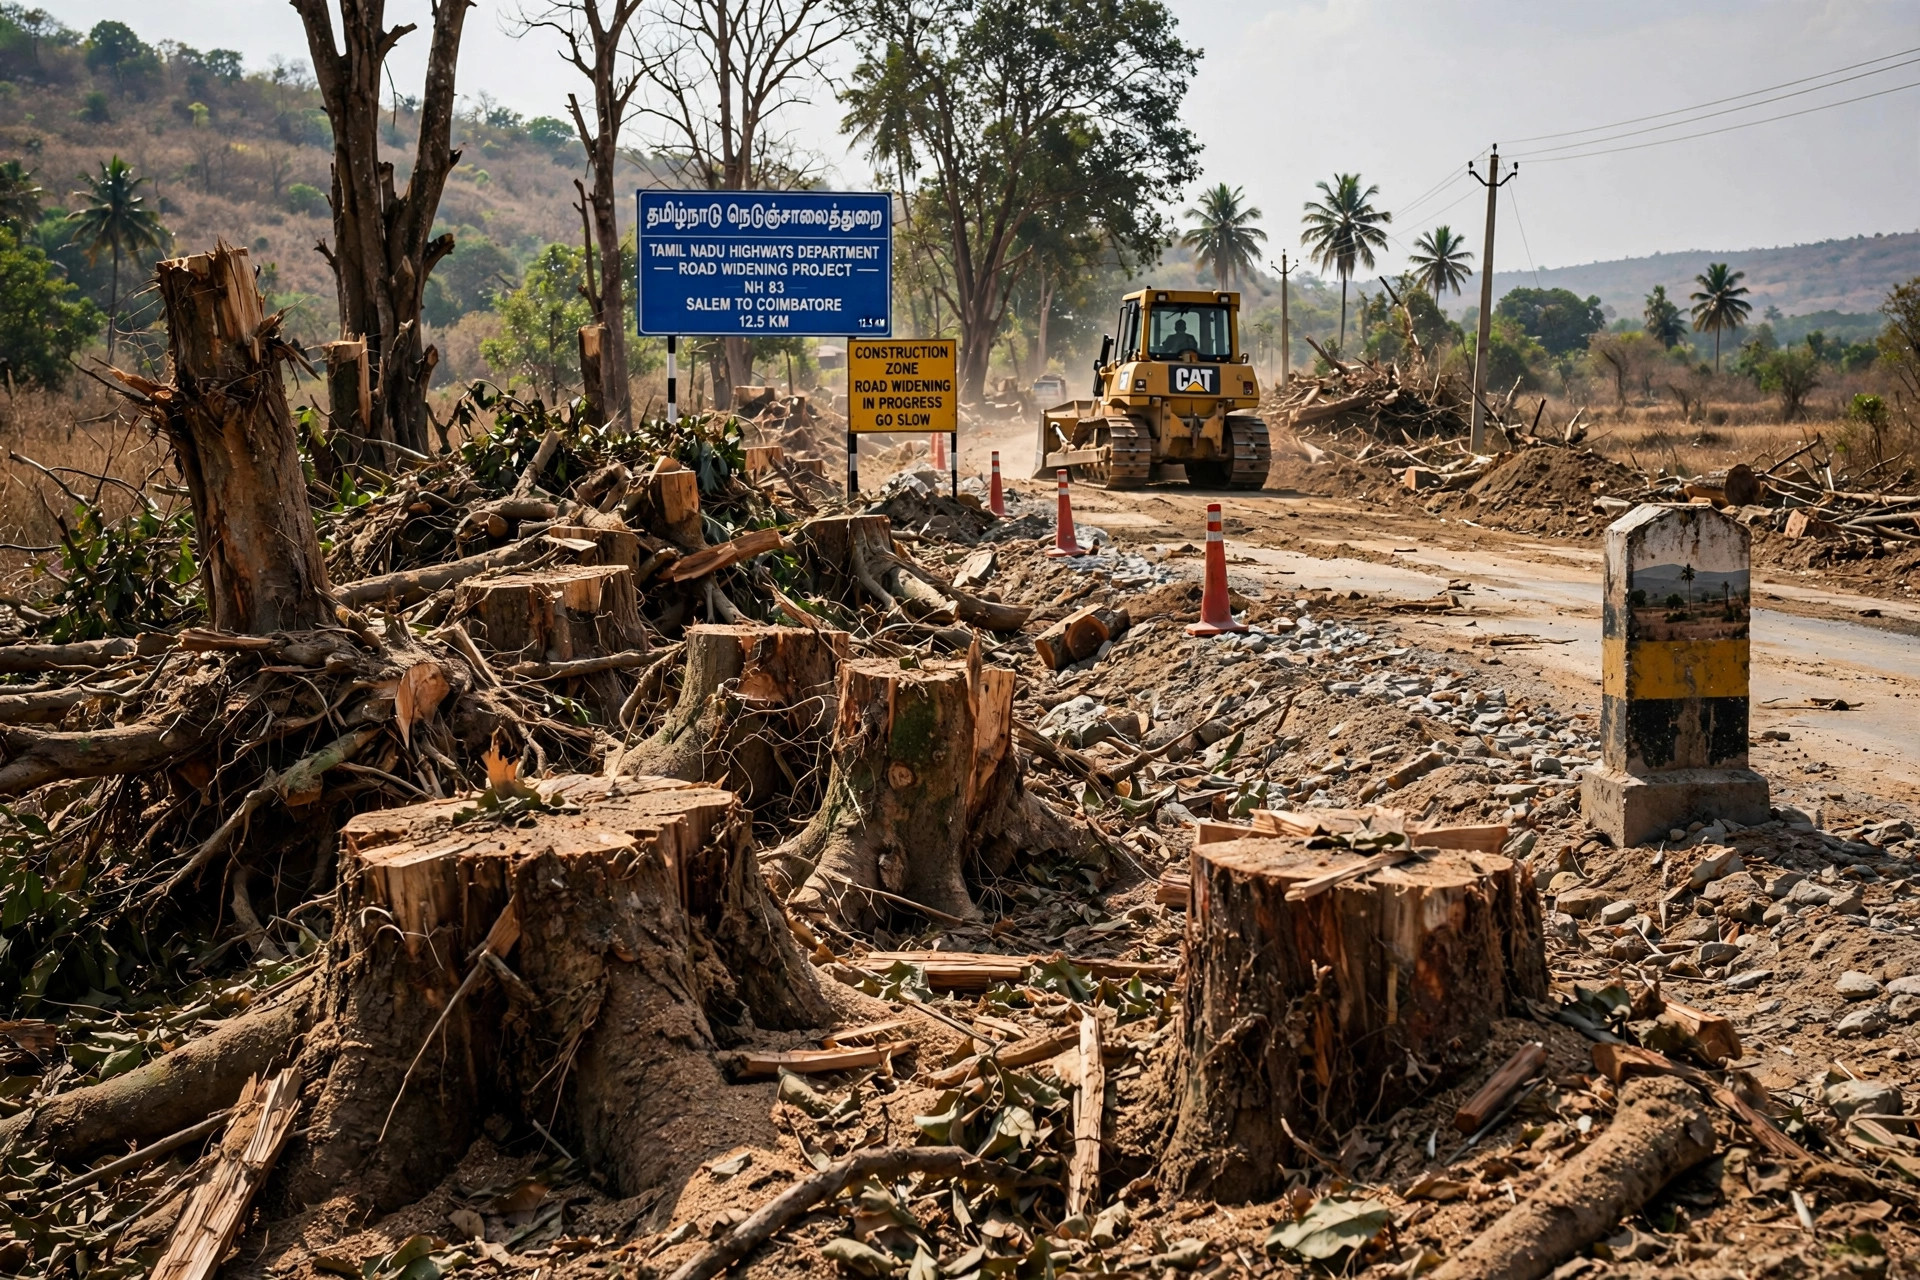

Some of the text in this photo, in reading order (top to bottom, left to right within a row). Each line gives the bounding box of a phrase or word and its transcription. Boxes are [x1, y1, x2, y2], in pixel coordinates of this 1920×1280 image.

[647, 201, 722, 230] தமிழ்நாடு
[650, 244, 879, 259] TAMIL NADU HIGHWAYS DEPARTMENT
[679, 262, 852, 276] ROAD WIDENING PROJECT
[744, 281, 784, 293] NH 83
[686, 297, 842, 311] SALEM TO COIMBATORE
[739, 315, 789, 327] 12.5 KM
[855, 346, 948, 359] CONSTRUCTION
[885, 362, 919, 375] ZONE
[855, 380, 950, 392] ROAD WIDENING
[1176, 367, 1213, 393] CAT
[863, 397, 942, 409] IN PROGRESS
[876, 414, 930, 426] GO SLOW
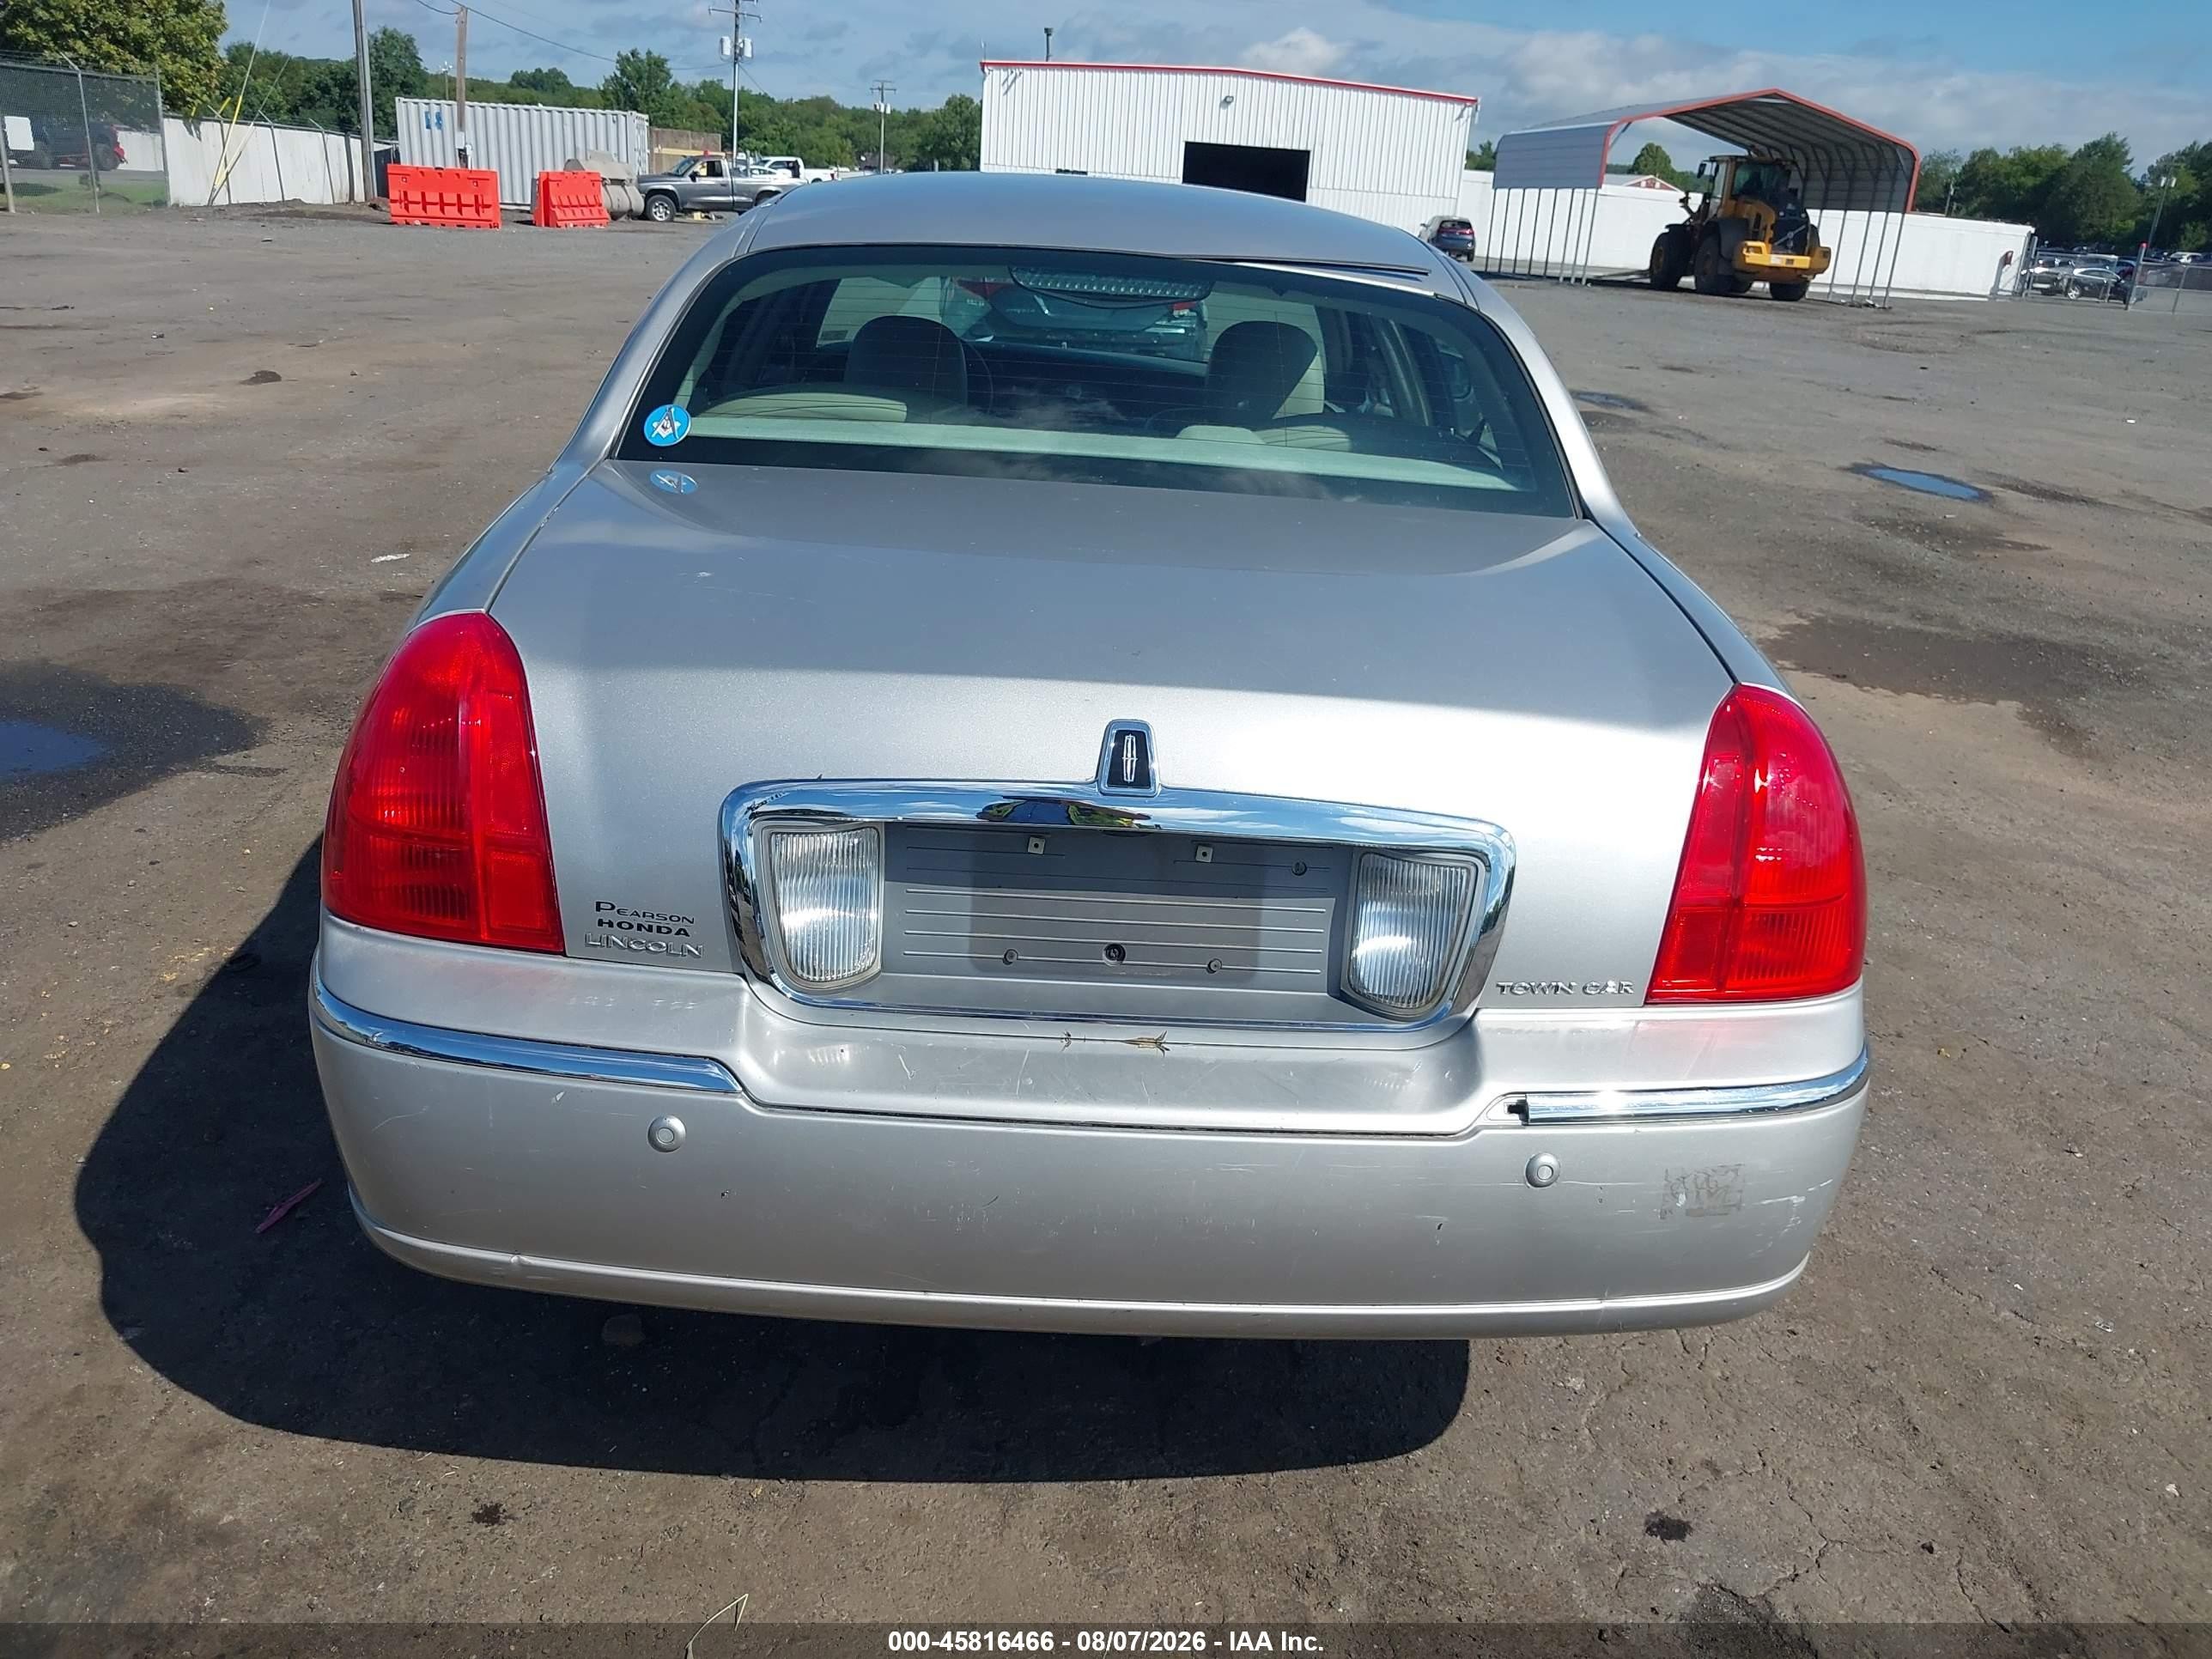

§ WHAT NEEDS TO BE DONE: Only the pictures are to be left out; write out all the other data exactly.

§ ANSWER BOX:
Some of the text in this photo, in reading order (top to bottom, left to right within a row). Each line gives the bounding box of a phrase or word and its transcription. Boxes are [x1, y1, x2, y2], in pixel coordinates of this 1920×1280 image.

[647, 201, 722, 230] தமிழ்நாடு
[650, 244, 879, 259] TAMIL NADU HIGHWAYS DEPARTMENT
[679, 262, 852, 276] ROAD WIDENING PROJECT
[744, 281, 784, 293] NH 83
[686, 297, 842, 311] SALEM TO COIMBATORE
[739, 315, 789, 327] 12.5 KM
[855, 346, 948, 359] CONSTRUCTION
[885, 362, 919, 375] ZONE
[855, 380, 950, 392] ROAD WIDENING
[1176, 367, 1213, 393] CAT
[863, 397, 942, 409] IN PROGRESS
[876, 414, 930, 426] GO SLOW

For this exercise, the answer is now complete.